Esistono due costruzioni centrali. Nel relativo incorporato, il marcatore entra nel verbo: kitabu nilichosoma. Nella costruzione con amba-, compare una parola relativa separata: kitabu ambacho nilikisoma. La prima è compatta e caratteristica dello swahili; la seconda è utile soprattutto quando il verbo ha un tempo o una struttura che non entra facilmente nel modello incorporato.
Come funziona
1. Scegliere il marcatore dalla classe dell'antecedente
Il relativo concorda con l'antecedente, non con chi compie l'azione. Ecco le forme più importanti:
| Classe | Nome d'esempio | Marcatore incorporato | Forma con amba- |
|---|---|---|---|
| 1 | mtu «persona» | -ye- | ambaye |
| 2 | watu «persone» | -o- | ambao |
| 3 | mti «albero» | -o- | ambao |
| 4 | miti «alberi» | -yo- | ambayo |
| 5 | gari «automobile» | -lo- | ambalo |
| 6 | magari «automobili» | -yo- | ambayo |
| 7 | kitabu «libro» | -cho- | ambacho |
| 8 | vitabu «libri» | -vyo- | ambavyo |
| 9 | nyumba «casa» | -yo- | ambayo |
| 10 | nyumba «case» | -zo- | ambazo |
| 11 | ulimi «lingua» | -o- | ambao |
| 14 | uhuru «libertà» | -o- | ambao |
Le terminazioni si ripetono in alcune classi, ma non sono intercambiabili a piacere. Inoltre, la forma del nome non mostra sempre se è singolare o plurale: nyumba può essere di classe 9, «casa», oppure di classe 10, «case». Il resto della frase chiarisce la concordanza: nyumba ambayo... al singolare, nyumba ambazo... al plurale.

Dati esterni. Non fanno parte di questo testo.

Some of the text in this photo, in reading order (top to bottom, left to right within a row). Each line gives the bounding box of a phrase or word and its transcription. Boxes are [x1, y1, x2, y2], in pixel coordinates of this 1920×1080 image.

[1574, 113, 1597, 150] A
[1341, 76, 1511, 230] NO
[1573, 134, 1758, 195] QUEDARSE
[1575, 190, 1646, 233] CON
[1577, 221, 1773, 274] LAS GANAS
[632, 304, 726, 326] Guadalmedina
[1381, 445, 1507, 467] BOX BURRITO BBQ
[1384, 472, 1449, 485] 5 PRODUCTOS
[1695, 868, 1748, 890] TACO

I nomi di persona seguono normalmente la concordanza animata delle classi 1 e 2: daktari ambaye... «il medico che...» e madaktari ambao... «i medici che...». Conviene quindi imparare ogni nome insieme ai suoi normali accordi, non soltanto dal prefisso visibile.

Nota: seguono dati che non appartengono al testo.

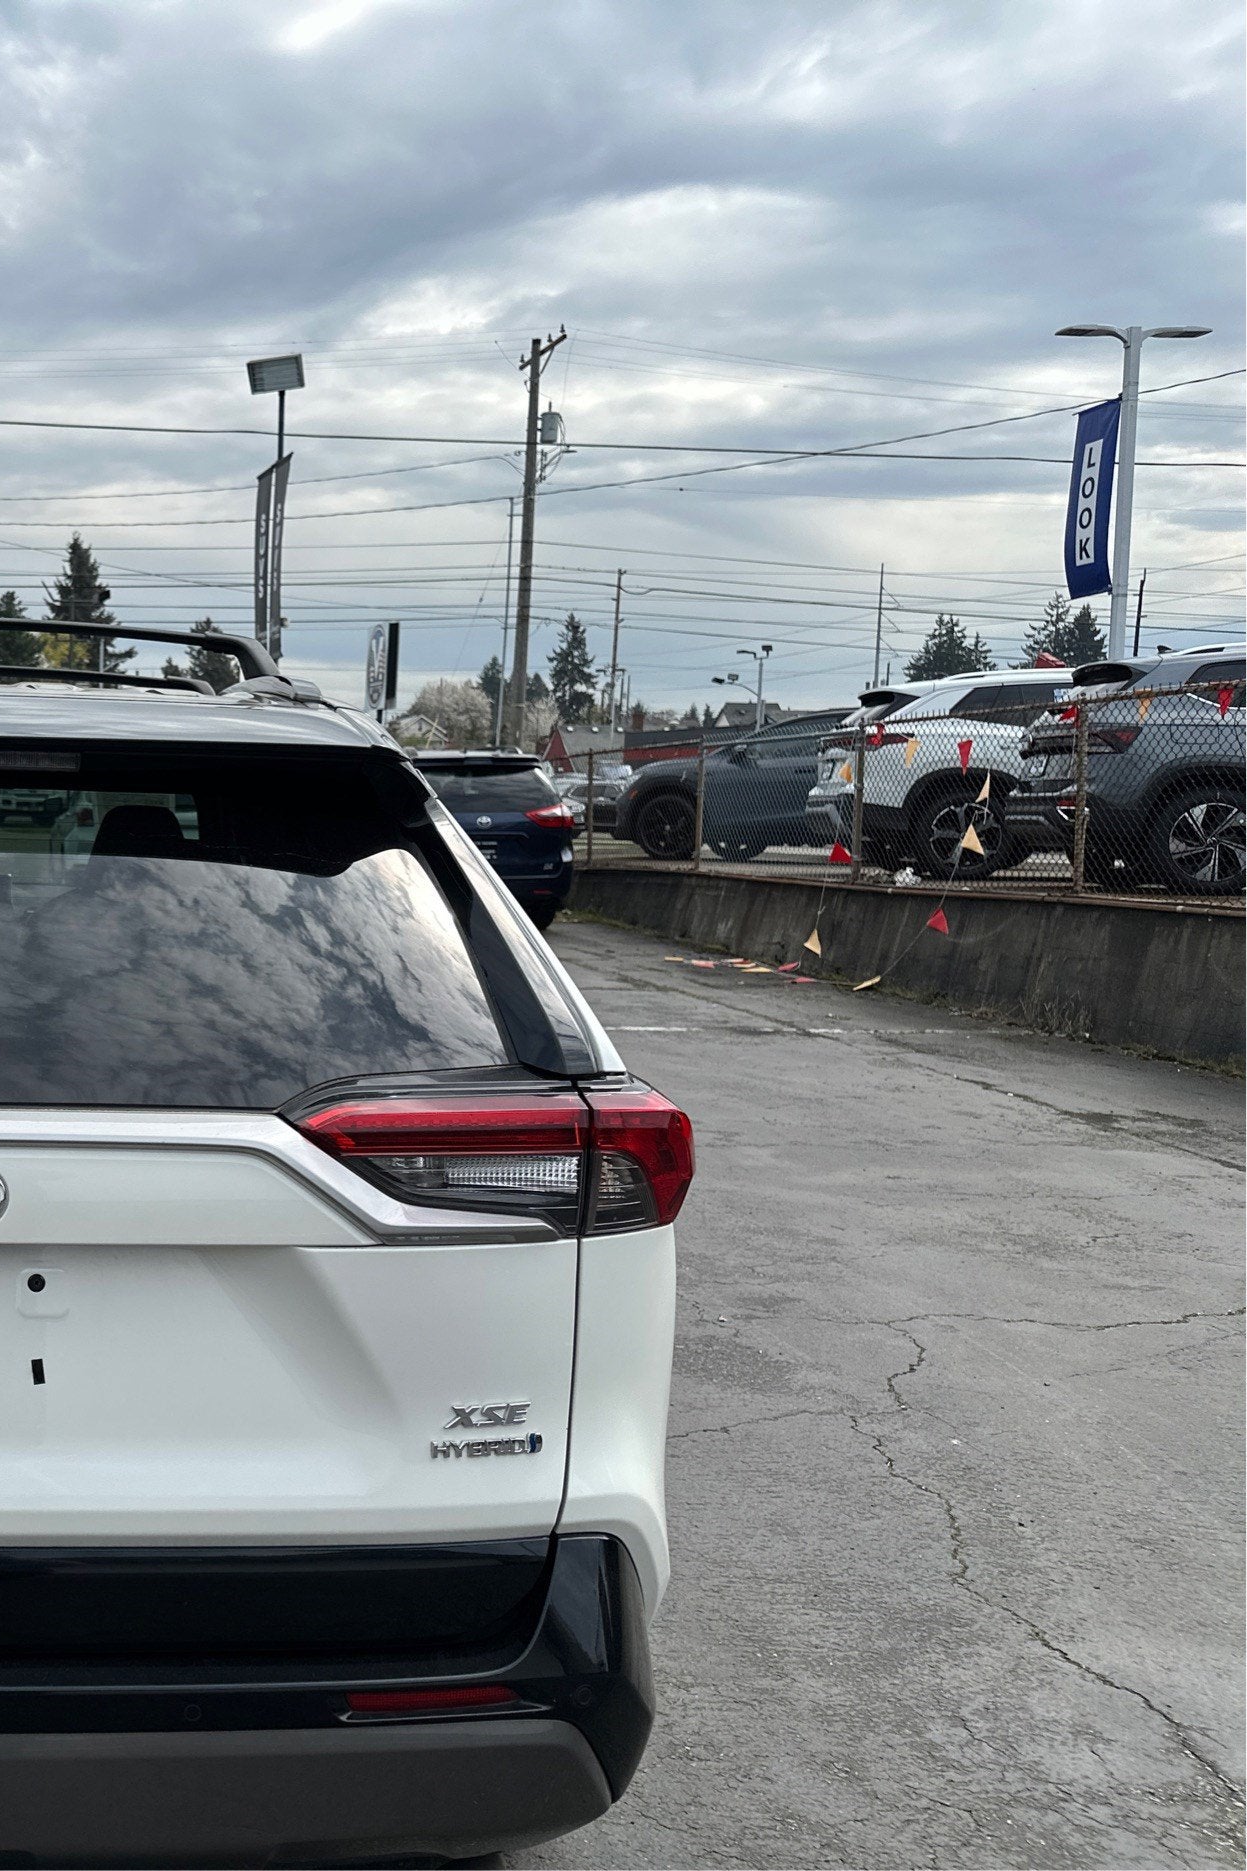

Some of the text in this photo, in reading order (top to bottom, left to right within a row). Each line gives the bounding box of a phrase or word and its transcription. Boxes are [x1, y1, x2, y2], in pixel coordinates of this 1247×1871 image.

2. Costruire il relativo incorporato
Con presente e passato, l'ordine fondamentale è:
prefisso del soggetto + tempo + marcatore relativo + eventuale prefisso dell'oggetto + radice verbale
Il soggetto è chi compie l'azione; l'oggetto è la persona o cosa su cui l'azione ricade. L'antecedente può svolgere l'uno o l'altro ruolo.

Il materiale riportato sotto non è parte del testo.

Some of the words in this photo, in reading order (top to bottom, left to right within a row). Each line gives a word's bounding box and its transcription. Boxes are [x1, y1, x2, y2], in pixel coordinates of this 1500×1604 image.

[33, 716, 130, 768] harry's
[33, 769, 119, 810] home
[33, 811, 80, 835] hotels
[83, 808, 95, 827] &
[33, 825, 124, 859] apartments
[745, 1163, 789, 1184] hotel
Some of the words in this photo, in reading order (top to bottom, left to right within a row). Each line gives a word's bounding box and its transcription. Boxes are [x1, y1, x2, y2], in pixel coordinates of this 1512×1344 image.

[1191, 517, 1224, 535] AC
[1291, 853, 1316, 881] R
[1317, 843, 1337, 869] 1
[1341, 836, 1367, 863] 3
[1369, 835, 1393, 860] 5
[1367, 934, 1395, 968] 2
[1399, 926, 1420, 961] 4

| Struttura | Forma completa | Significato |
|---|---|---|
| a-na-ye-soma | anayesoma | che studia, riferito a una persona |
| wa-na-o-soma | wanaosoma | che studiano, riferito a più persone |
| a-li-ye-kuja | aliyekuja | che è venuto/a |
| ni-li-cho-soma | nilichosoma | che ho letto, riferito a un nome di classe 7 |
| tu-li-lo-nunua | tulilonunua | che abbiamo comprato, riferito a un nome di classe 5 |
Confronta queste due frasi:
- Mtu aliyeniona — «la persona che mi ha visto».
- Mtu niliyemwona — «la persona che ho visto».
Nella prima, mtu è il soggetto di vedere, perciò il verbo inizia con a-. Nella seconda, il soggetto è «io», espresso da ni-; -ye- continua a concordare con mtu, mentre -m- lo riprende come oggetto umano. La traduzione italiana usa che in entrambi i casi e nasconde questa differenza strutturale.
I trattini servono solo ad analizzare i componenti. Nella scrittura normale tutto il verbo si scrive unito: ni-li-cho-soma diventa nilichosoma.
3. Il futuro relativo
Il futuro incorporato presenta una particolarità importante: tra -ta- e il relativo compare -ka-. Si impara quindi il blocco -taka- + relativo.
| Analisi | Forma | Traduzione |
|---|---|---|
| a-ta-ka-ye-kuja | atakayekuja | che verrà |
| ni-ta-ka-cho-nunua | nitakachonunua | che comprerò, classe 7 |
| tu-ta-ka-o-wa-alika | tutakaowaalika | che inviteremo, persone plurali |
Il semplice futuro indipendente è atakuja «verrà»; nella relativa si ha invece atakayekuja «che verrà».
4. La costruzione con amba-
Amba- riceve una terminazione di classe e forma una parola separata. Il verbo successivo mantiene il proprio tempo normale:
- mwanafunzi ambaye anasoma — lo studente che studia;
- kitabu ambacho nilikisoma — il libro che ho letto;
- magari ambayo tutayanunua — le automobili che compreremo;
- barua ambazo umezituma — le lettere che hai inviato.
Questa soluzione è particolarmente comoda con il perfetto in -me-, con forme negative legate a un tempo preciso e con relative lunghe. Quando l'antecedente è oggetto, il verbo può riprenderlo con il prefisso oggetto appropriato: -ki- per kitabu, -ya- per magari, -zi- per barua di classe 10. Con gli oggetti umani definiti, tale ripresa è la scelta normale: mtu ambaye nilimwona «la persona che ho visto».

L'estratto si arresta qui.